=== Dataset extract ===

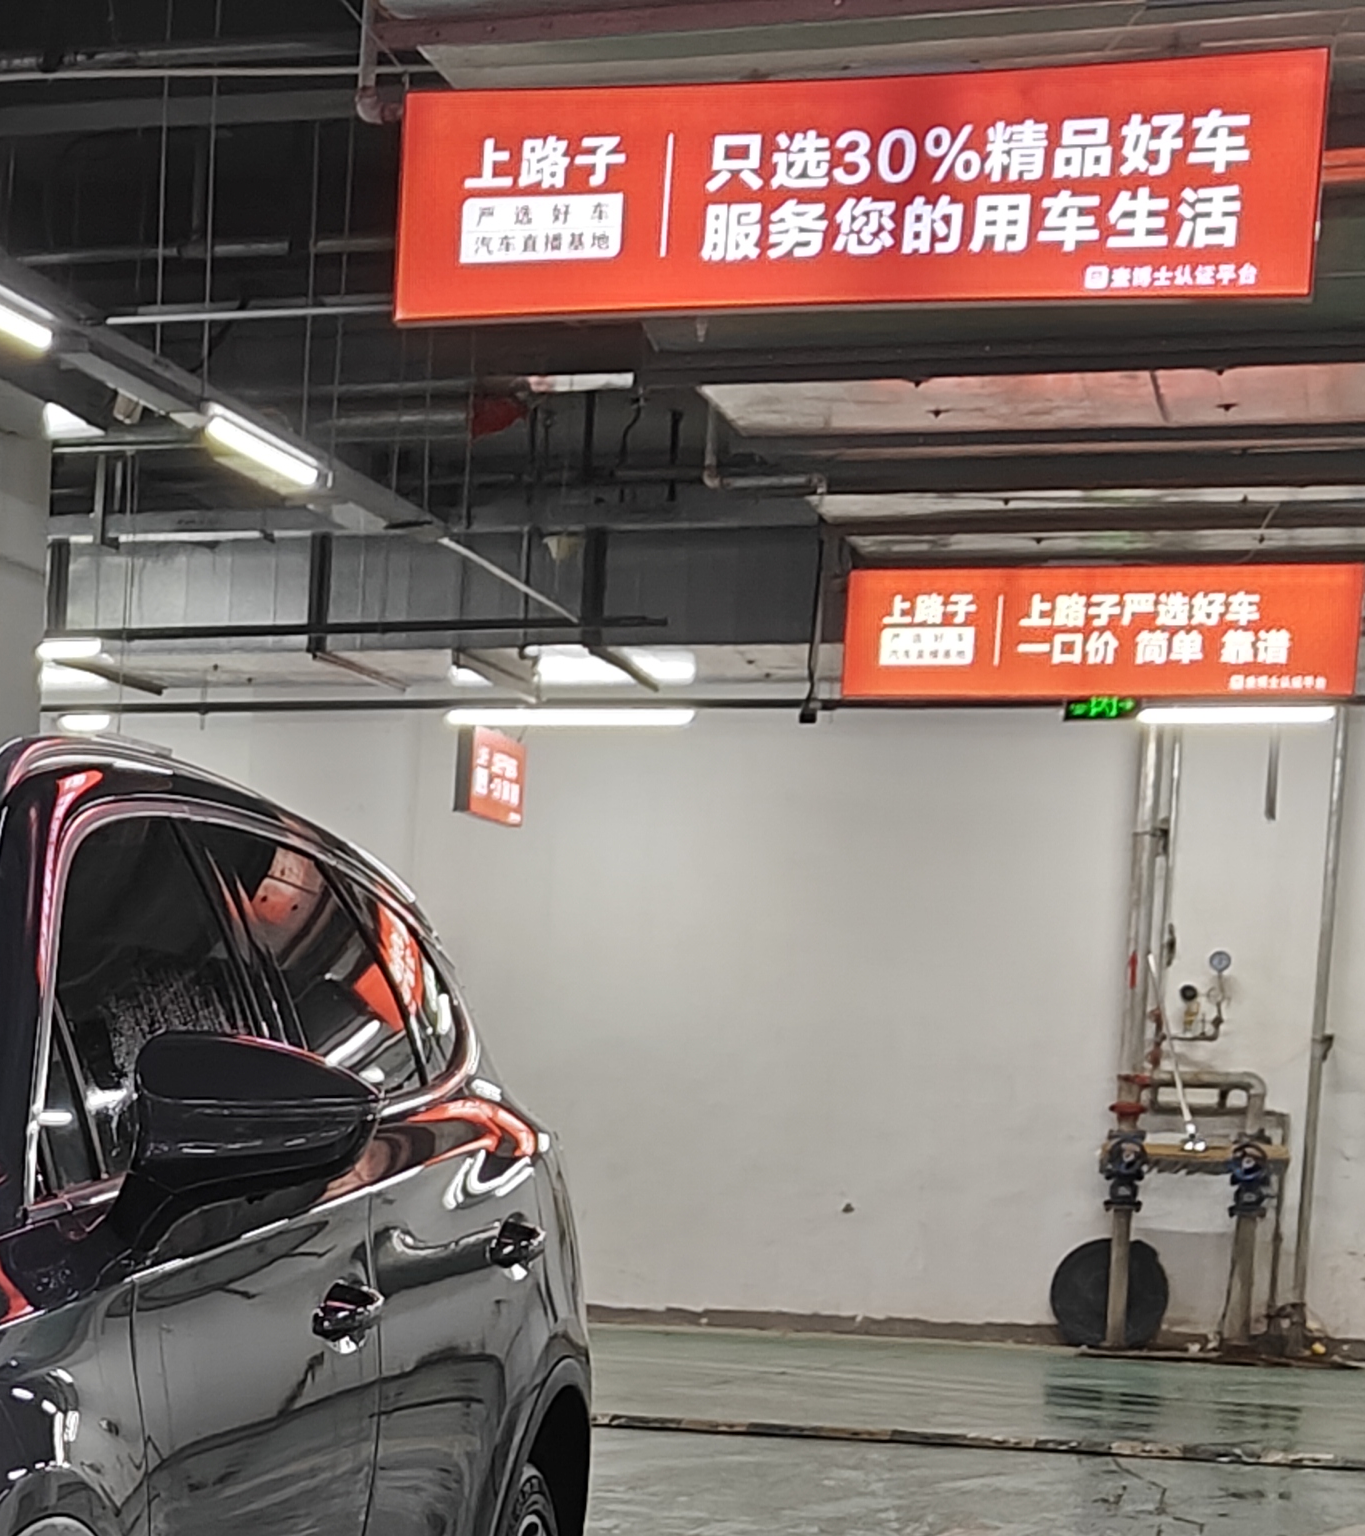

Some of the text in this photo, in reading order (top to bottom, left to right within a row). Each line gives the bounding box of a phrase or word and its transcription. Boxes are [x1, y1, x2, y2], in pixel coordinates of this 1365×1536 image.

[464, 135, 627, 189] 上路子
[705, 109, 1251, 193] 只选30%精品好车
[476, 202, 610, 228] 严选好车
[701, 184, 1242, 261] 服务您的用车生活
[474, 231, 611, 256] 汽车直播基地
[882, 592, 978, 624] 上路子
[1018, 592, 1261, 627] 上路子严选好车
[1017, 628, 1291, 665] 一口价 简单 靠谱
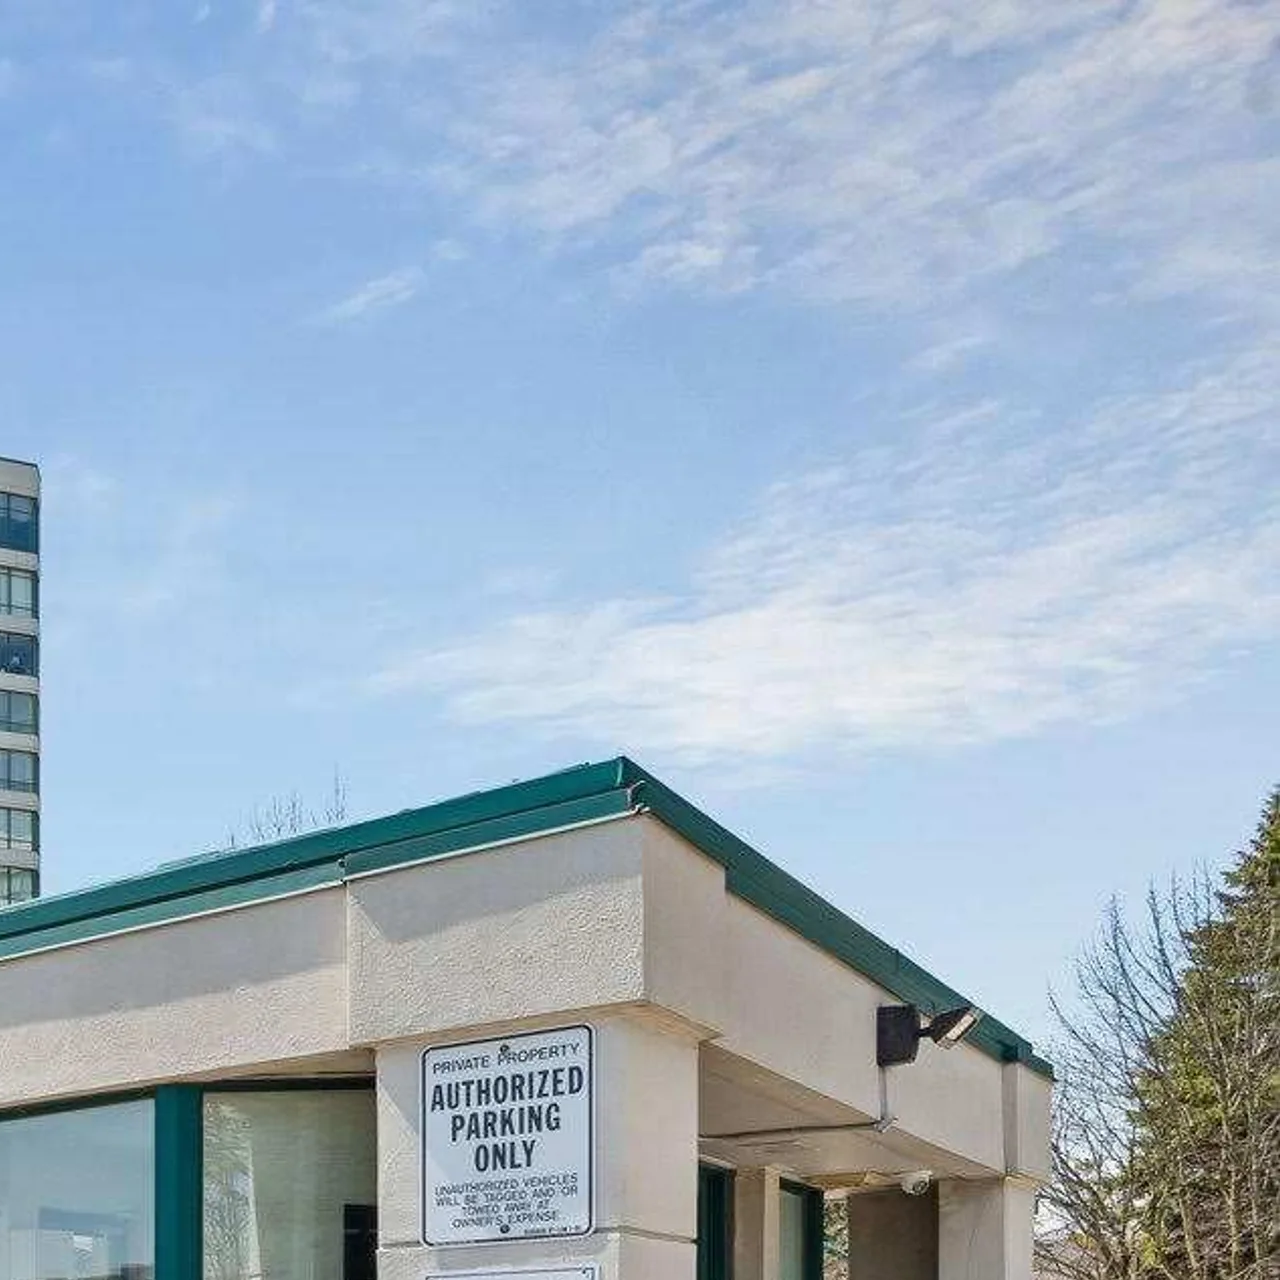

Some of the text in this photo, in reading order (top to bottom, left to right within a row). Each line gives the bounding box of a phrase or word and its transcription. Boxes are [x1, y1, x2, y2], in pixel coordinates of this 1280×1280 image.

[432, 1043, 581, 1074] PRIVATE PROPERTY
[431, 1065, 584, 1112] AUTHORIZED
[451, 1103, 561, 1142] PARKING
[474, 1140, 536, 1172] ONLY
[434, 1178, 520, 1197] UNAUTHORIZED
[523, 1172, 579, 1188] VEHICLES
[435, 1196, 462, 1206] WILL
[461, 1205, 500, 1217] TOWED
[508, 1211, 558, 1225] EXPENSE
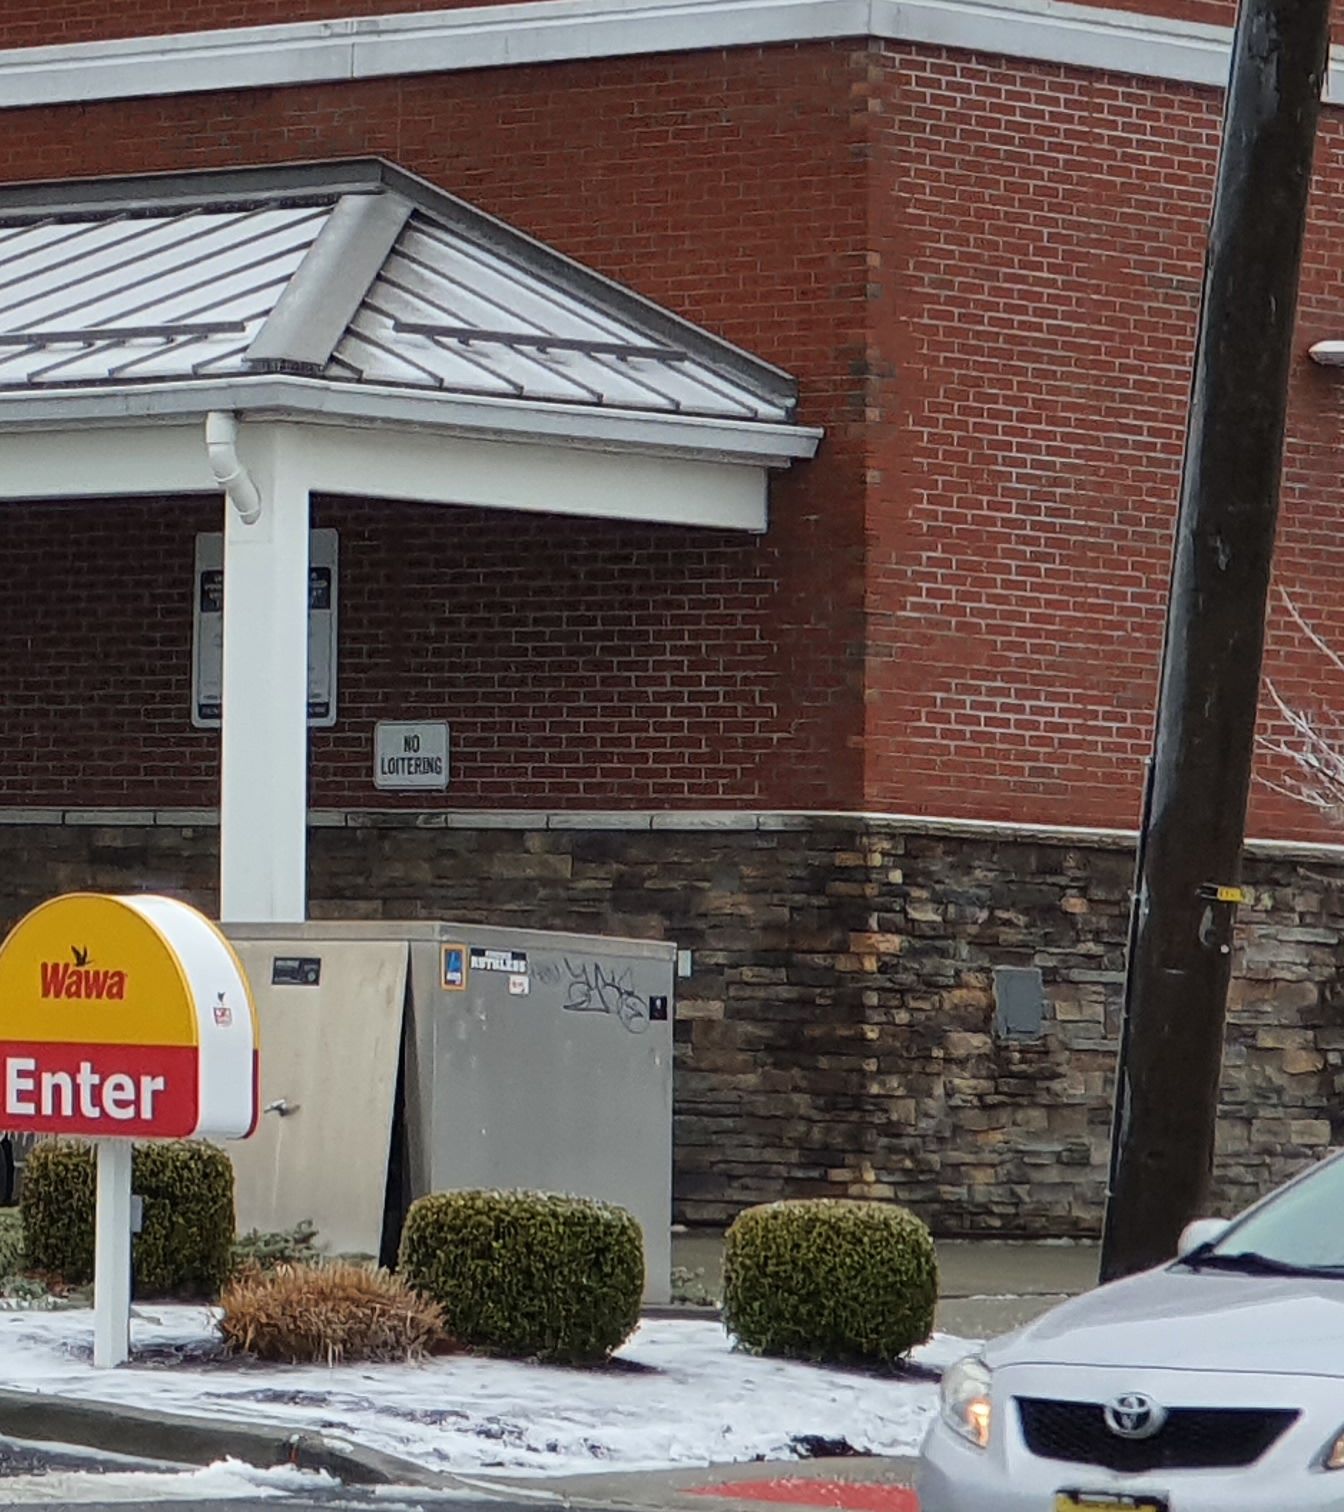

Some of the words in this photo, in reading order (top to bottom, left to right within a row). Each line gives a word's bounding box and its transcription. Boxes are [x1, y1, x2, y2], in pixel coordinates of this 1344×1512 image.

[403, 734, 421, 754] NO
[380, 756, 443, 776] LOITERING
[40, 961, 127, 1001] Wawa
[4, 1056, 166, 1121] Enter

===

Set down all the lines above exactly as they appear, with no pictures.

Some of the text in this photo, in reading order (top to bottom, left to right within a row). Each line gives the bounding box of a phrase or word and its transcription. Boxes are [x1, y1, x2, y2], in pixel coordinates of this 1365×1536 image.

[464, 135, 627, 189] 上路子
[705, 109, 1251, 193] 只选30%精品好车
[476, 202, 610, 228] 严选好车
[701, 184, 1242, 261] 服务您的用车生活
[474, 231, 611, 256] 汽车直播基地
[882, 592, 978, 624] 上路子
[1018, 592, 1261, 627] 上路子严选好车
[1017, 628, 1291, 665] 一口价 简单 靠谱

Some of the text in this photo, in reading order (top to bottom, left to right within a row). Each line gives the bounding box of a phrase or word and its transcription. Boxes are [x1, y1, x2, y2], in pixel coordinates of this 1280×1280 image.

[432, 1043, 581, 1074] PRIVATE PROPERTY
[431, 1065, 584, 1112] AUTHORIZED
[451, 1103, 561, 1142] PARKING
[474, 1140, 536, 1172] ONLY
[434, 1178, 520, 1197] UNAUTHORIZED
[523, 1172, 579, 1188] VEHICLES
[435, 1196, 462, 1206] WILL
[461, 1205, 500, 1217] TOWED
[508, 1211, 558, 1225] EXPENSE

Some of the words in this photo, in reading order (top to bottom, left to right within a row). Each line gives a word's bounding box and its transcription. Boxes are [x1, y1, x2, y2], in pixel coordinates of this 1344×1512 image.

[403, 734, 421, 754] NO
[380, 756, 443, 776] LOITERING
[40, 961, 127, 1001] Wawa
[4, 1056, 166, 1121] Enter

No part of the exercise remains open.